Please copy the data below exactly; none of the pictures in it belong in the copy.

[[ DATA TO PROCESS open ]]

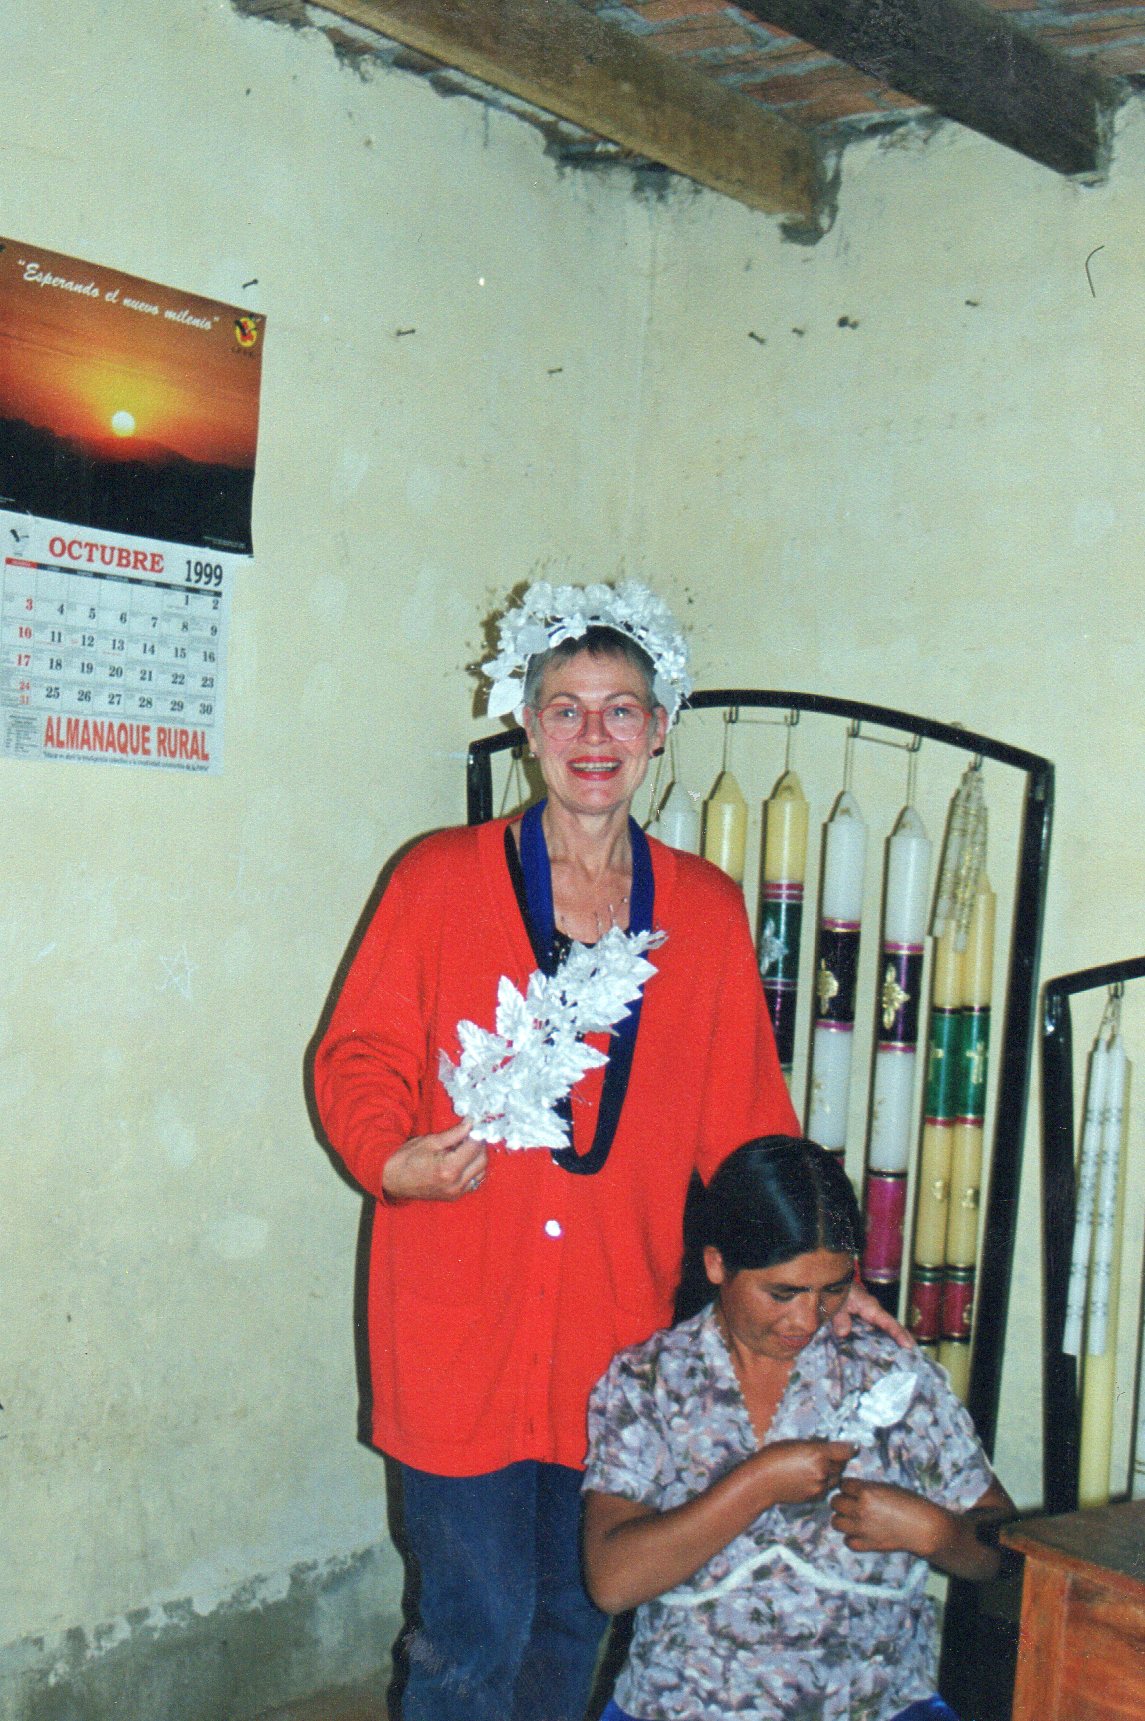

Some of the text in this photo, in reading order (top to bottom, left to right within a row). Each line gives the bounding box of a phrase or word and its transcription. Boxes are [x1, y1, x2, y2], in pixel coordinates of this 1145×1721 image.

[105, 288, 119, 303] el
[122, 297, 159, 315] nuevo
[49, 537, 164, 573] OCTUBRE
[185, 560, 223, 587] 1999
[26, 599, 33, 611] 3
[57, 604, 65, 615] 4
[89, 608, 96, 620] 5
[120, 612, 127, 624] 6
[151, 617, 158, 628] 7
[210, 625, 218, 636] 9
[184, 595, 219, 610] 1 2
[18, 626, 215, 662] 10 11 12 13 14 15 16
[16, 654, 214, 688] 17 18 19 20 21 22 23
[45, 687, 60, 699] 25
[77, 690, 92, 702] 26
[108, 694, 122, 706] 27
[138, 696, 153, 709] 28
[170, 700, 184, 712] 29
[199, 703, 213, 715] 30
[44, 715, 151, 756] ALMANAQUE
[156, 726, 209, 761] RURAL
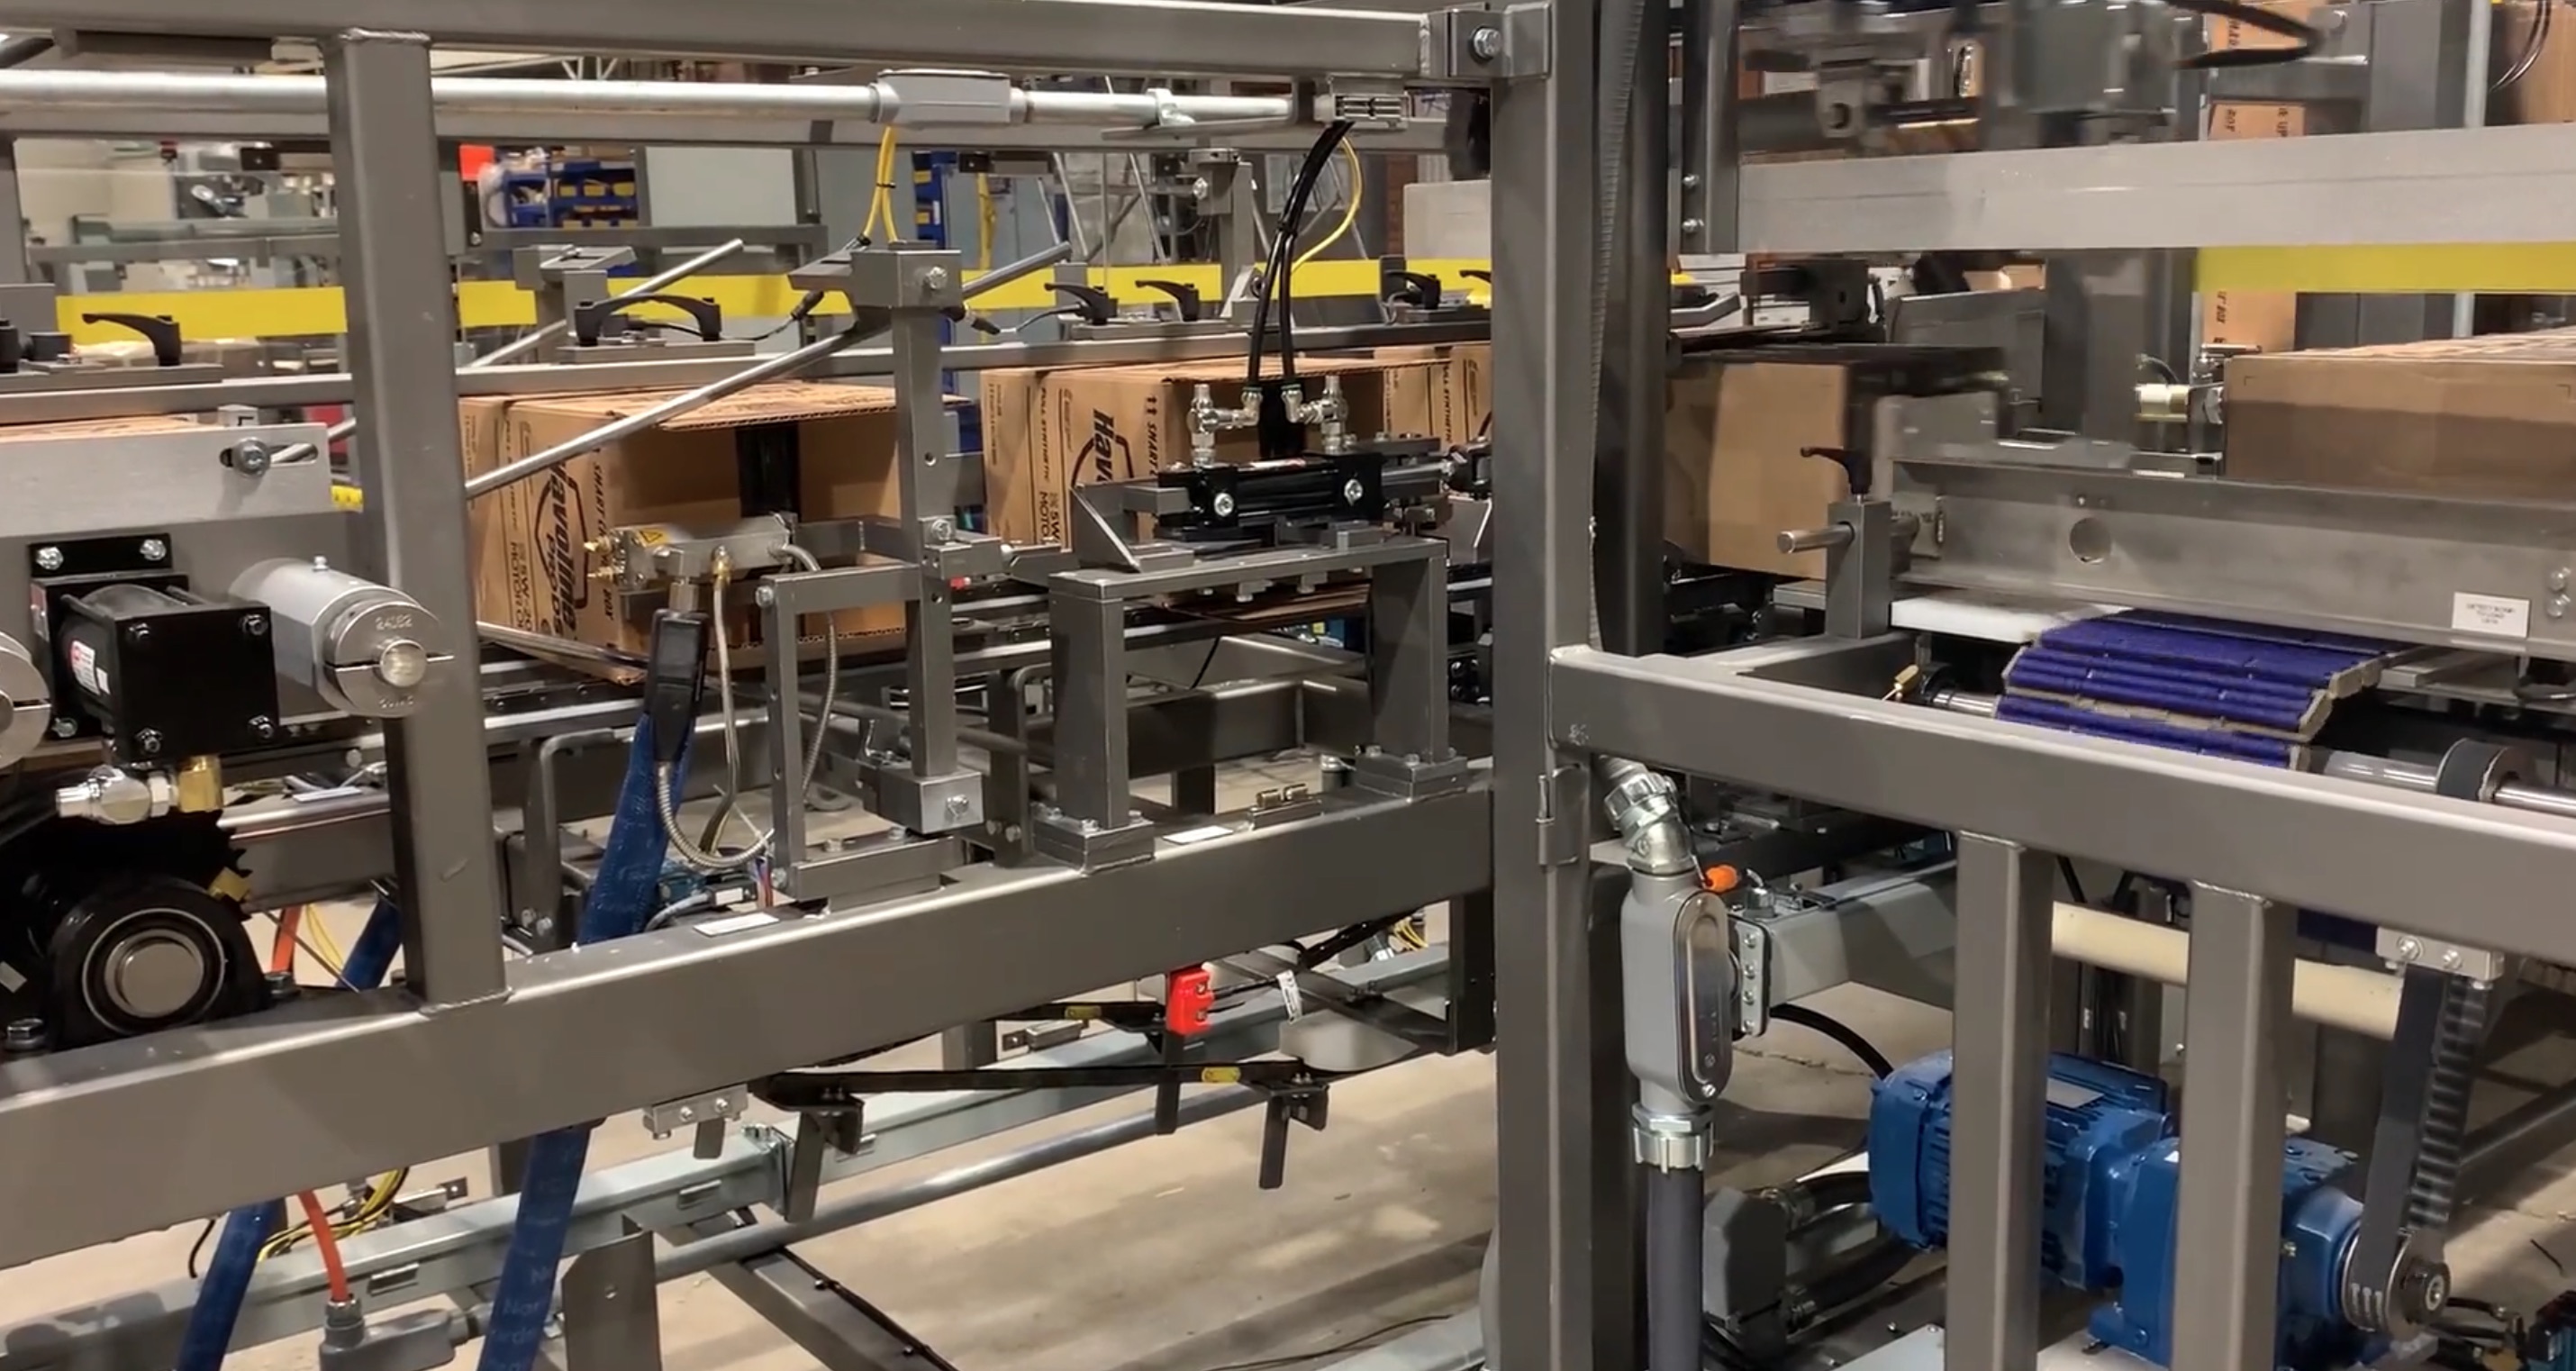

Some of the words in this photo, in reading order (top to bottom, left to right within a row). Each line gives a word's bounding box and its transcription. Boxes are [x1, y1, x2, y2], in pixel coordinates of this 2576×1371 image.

[1147, 422, 1159, 470] SMART
[594, 462, 605, 518] SMART
[1039, 491, 1050, 539] MOTO
[1050, 511, 1060, 540] 5W
[511, 541, 524, 607] MOTOR
[516, 609, 525, 629] OI

[[ DATA TO PROCESS closed ]]

PROBLEM SOLUTION:
Some of the text in this photo, in reading order (top to bottom, left to right within a row). Each line gives the bounding box of a phrase or word and its transcription. Boxes are [x1, y1, x2, y2], in pixel coordinates of this 1145×1721 image.

[105, 288, 119, 303] el
[122, 297, 159, 315] nuevo
[49, 537, 164, 573] OCTUBRE
[185, 560, 223, 587] 1999
[26, 599, 33, 611] 3
[57, 604, 65, 615] 4
[89, 608, 96, 620] 5
[120, 612, 127, 624] 6
[151, 617, 158, 628] 7
[210, 625, 218, 636] 9
[184, 595, 219, 610] 1 2
[18, 626, 215, 662] 10 11 12 13 14 15 16
[16, 654, 214, 688] 17 18 19 20 21 22 23
[45, 687, 60, 699] 25
[77, 690, 92, 702] 26
[108, 694, 122, 706] 27
[138, 696, 153, 709] 28
[170, 700, 184, 712] 29
[199, 703, 213, 715] 30
[44, 715, 151, 756] ALMANAQUE
[156, 726, 209, 761] RURAL

Some of the words in this photo, in reading order (top to bottom, left to right within a row). Each line gives a word's bounding box and its transcription. Boxes are [x1, y1, x2, y2], in pixel coordinates of this 2576×1371 image.

[1147, 422, 1159, 470] SMART
[594, 462, 605, 518] SMART
[1039, 491, 1050, 539] MOTO
[1050, 511, 1060, 540] 5W
[511, 541, 524, 607] MOTOR
[516, 609, 525, 629] OI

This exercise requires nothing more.